Every line of the records must be repeated exactly; pictures stay out.

Referring expression grounding data:
* * *
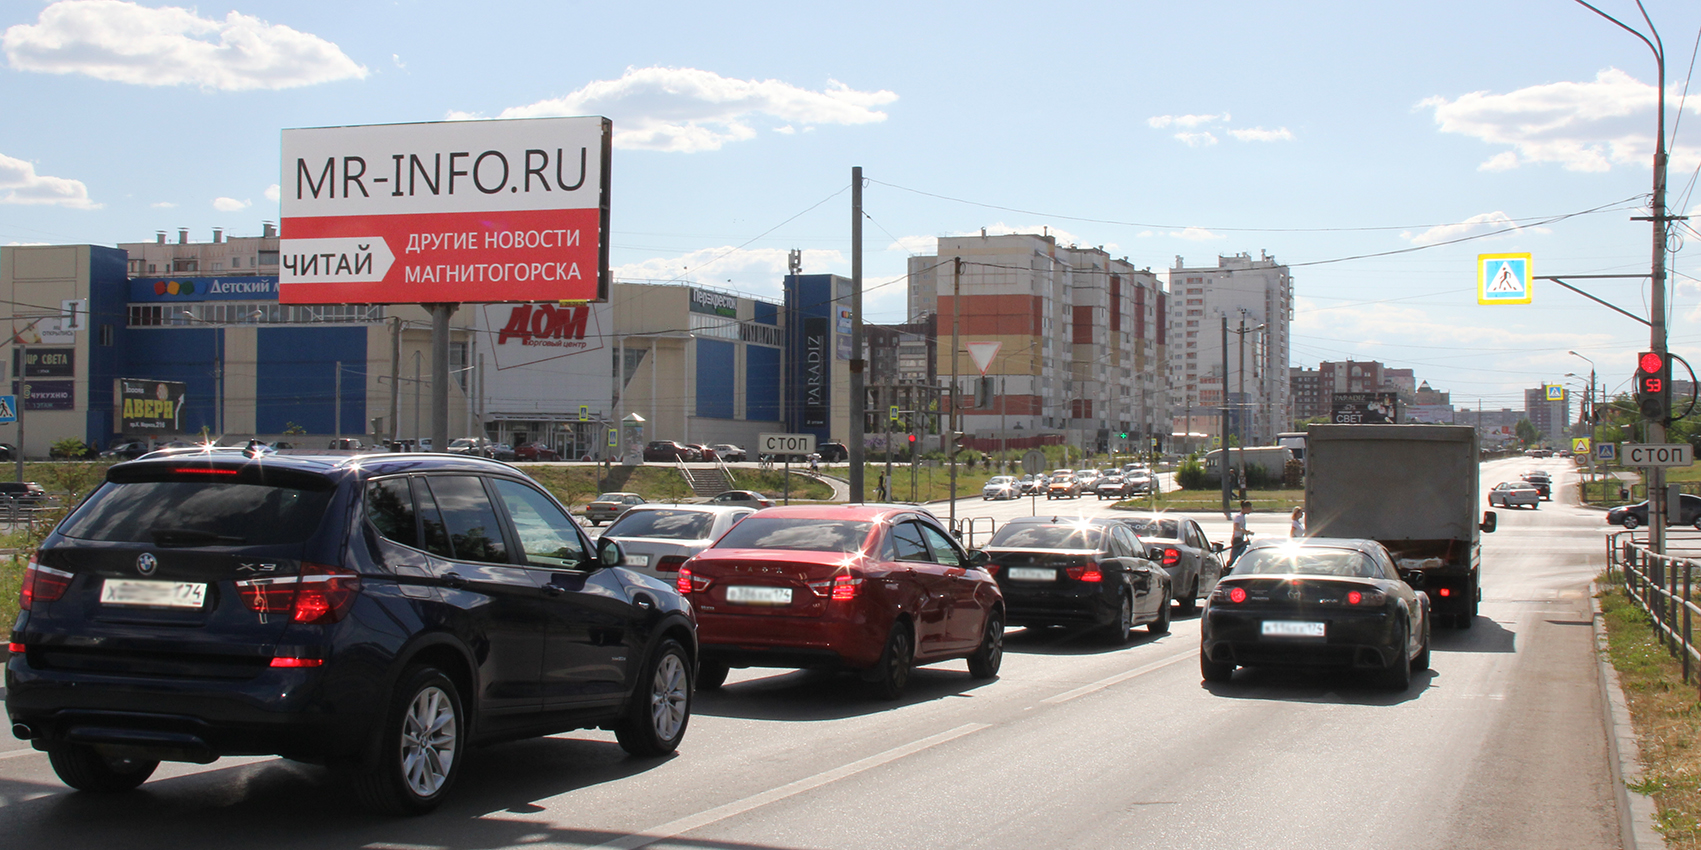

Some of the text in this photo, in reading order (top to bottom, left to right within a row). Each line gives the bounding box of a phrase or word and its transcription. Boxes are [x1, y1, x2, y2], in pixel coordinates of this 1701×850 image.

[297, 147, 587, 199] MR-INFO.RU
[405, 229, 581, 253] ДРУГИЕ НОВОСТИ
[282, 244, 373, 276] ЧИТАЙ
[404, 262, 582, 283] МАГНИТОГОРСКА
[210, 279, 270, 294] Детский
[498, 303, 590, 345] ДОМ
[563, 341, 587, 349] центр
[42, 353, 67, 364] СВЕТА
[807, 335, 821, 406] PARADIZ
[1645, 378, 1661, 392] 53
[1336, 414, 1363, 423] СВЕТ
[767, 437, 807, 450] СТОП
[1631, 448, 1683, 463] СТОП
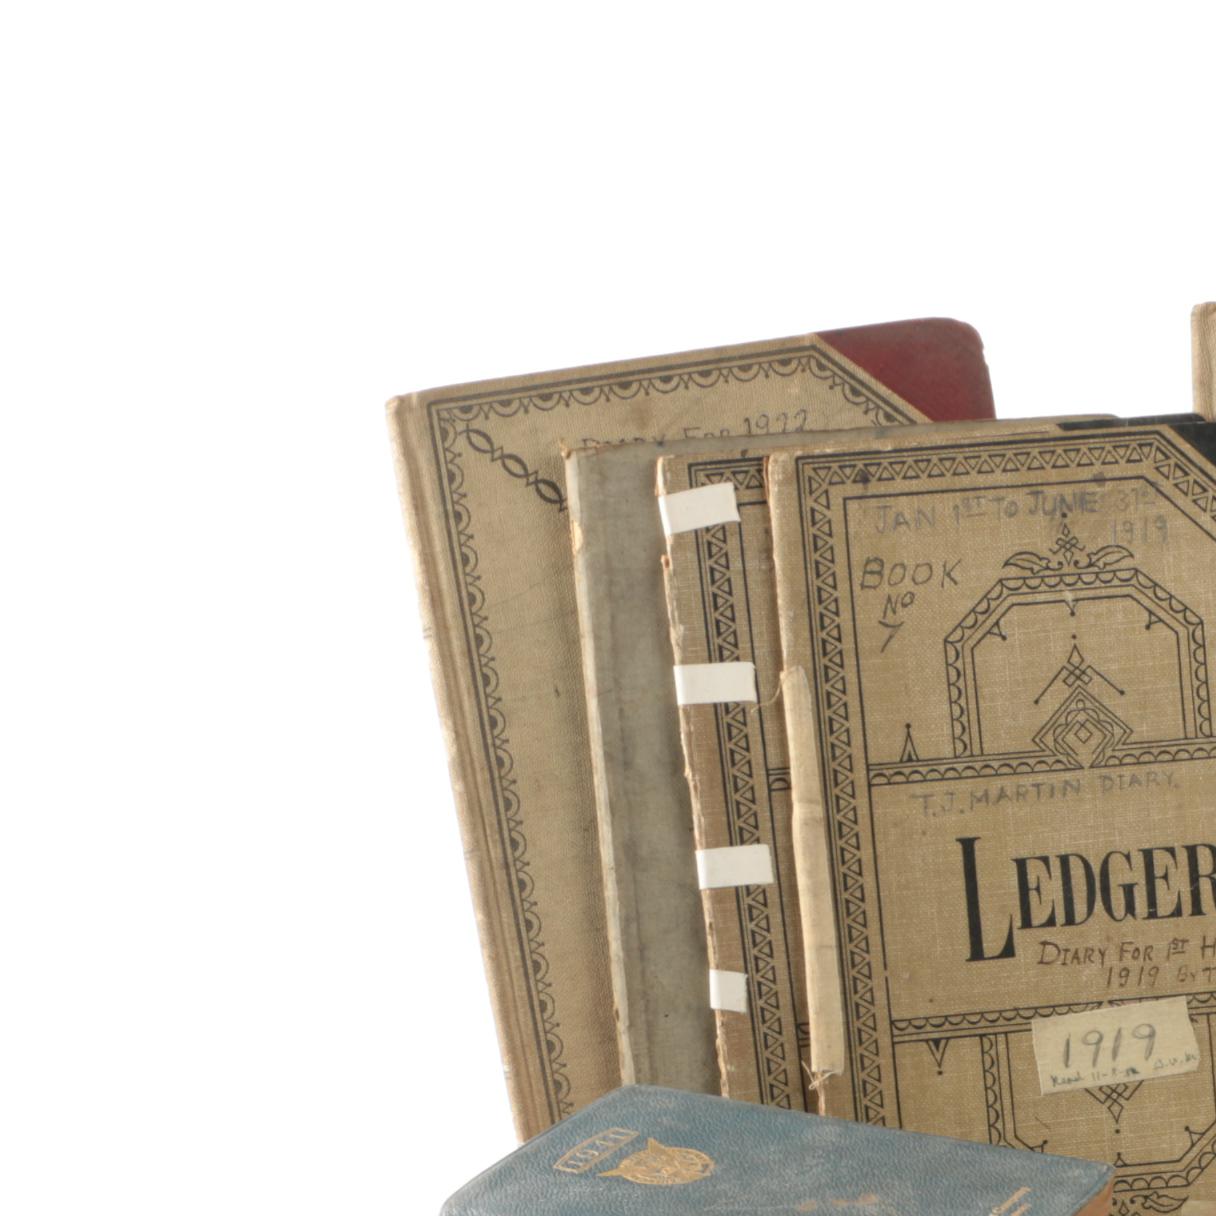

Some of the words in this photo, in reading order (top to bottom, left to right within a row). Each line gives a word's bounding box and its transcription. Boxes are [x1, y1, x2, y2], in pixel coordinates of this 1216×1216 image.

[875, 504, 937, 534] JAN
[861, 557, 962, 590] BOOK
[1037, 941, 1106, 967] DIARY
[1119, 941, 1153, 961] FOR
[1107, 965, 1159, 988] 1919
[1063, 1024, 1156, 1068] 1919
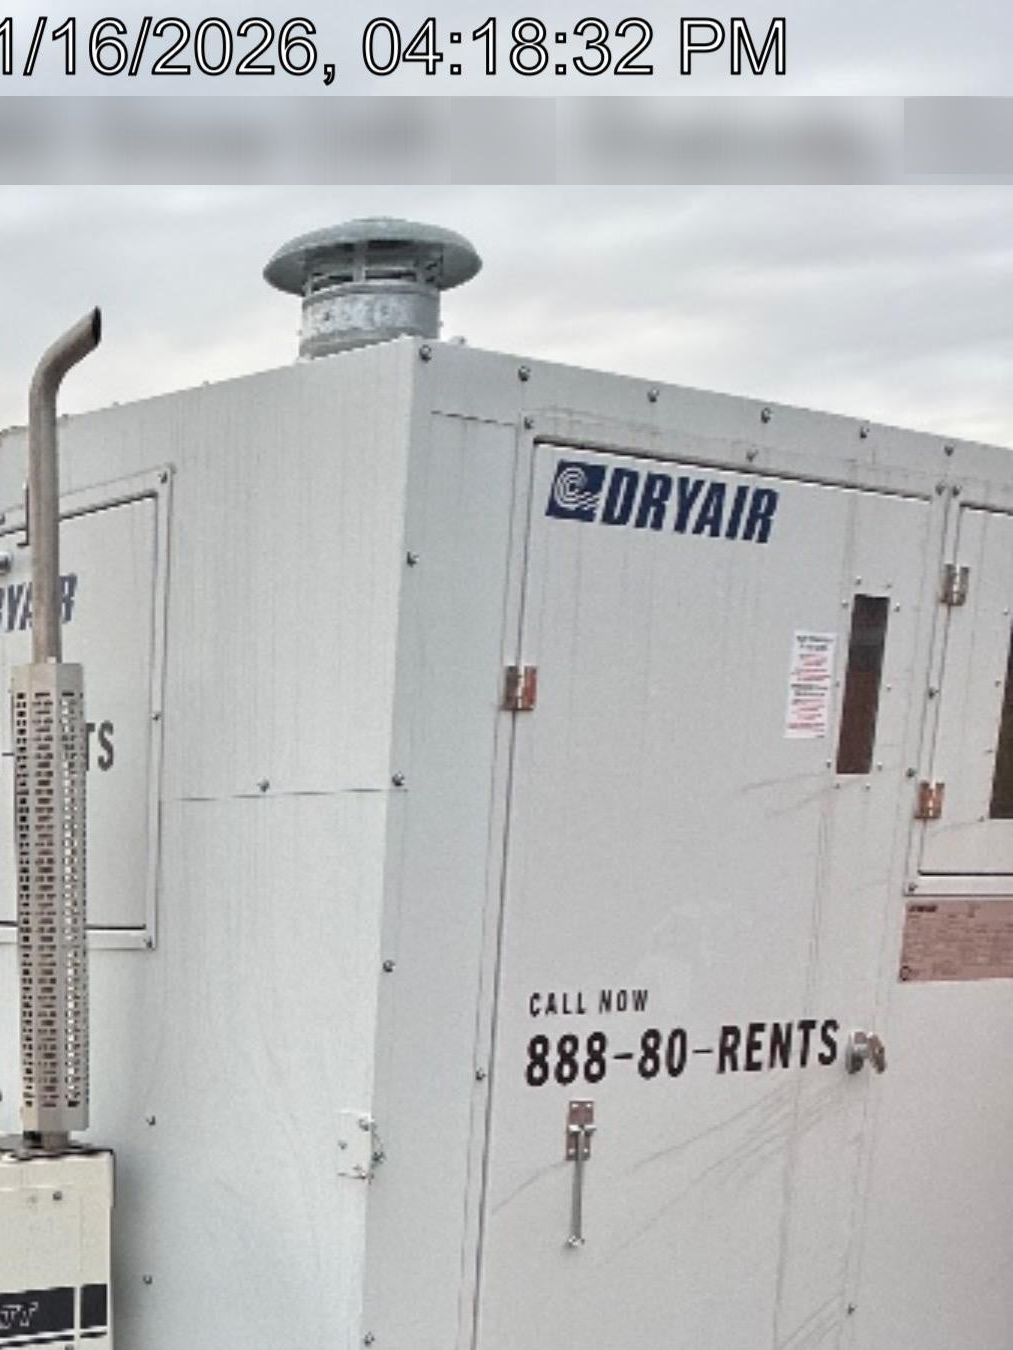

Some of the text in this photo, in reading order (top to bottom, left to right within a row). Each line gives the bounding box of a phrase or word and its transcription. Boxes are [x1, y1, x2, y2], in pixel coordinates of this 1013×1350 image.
* * *
YOUR SOLUTION:
Some of the text in this photo, in reading order (top to bottom, left to right within a row). Each line gives the bounding box of a phrase or word and its transcription. Boxes are [x1, y1, x2, y2], in pixel coordinates of this 1701×850 image.

[297, 147, 587, 199] MR-INFO.RU
[405, 229, 581, 253] ДРУГИЕ НОВОСТИ
[282, 244, 373, 276] ЧИТАЙ
[404, 262, 582, 283] МАГНИТОГОРСКА
[210, 279, 270, 294] Детский
[498, 303, 590, 345] ДОМ
[563, 341, 587, 349] центр
[42, 353, 67, 364] СВЕТА
[807, 335, 821, 406] PARADIZ
[1645, 378, 1661, 392] 53
[1336, 414, 1363, 423] СВЕТ
[767, 437, 807, 450] СТОП
[1631, 448, 1683, 463] СТОП

Some of the words in this photo, in reading order (top to bottom, left to right within a row). Each line gives a word's bounding box and its transcription. Boxes are [x1, y1, x2, y2], in pixel coordinates of this 1216×1216 image.

[875, 504, 937, 534] JAN
[861, 557, 962, 590] BOOK
[1037, 941, 1106, 967] DIARY
[1119, 941, 1153, 961] FOR
[1107, 965, 1159, 988] 1919
[1063, 1024, 1156, 1068] 1919

Some of the text in this photo, in reading order (top to bottom, left to right within a row). Each line gives the bounding box of a phrase or word and its transcription. Boxes are [x1, y1, x2, y2], in pixel coordinates of this 1013×1350 image.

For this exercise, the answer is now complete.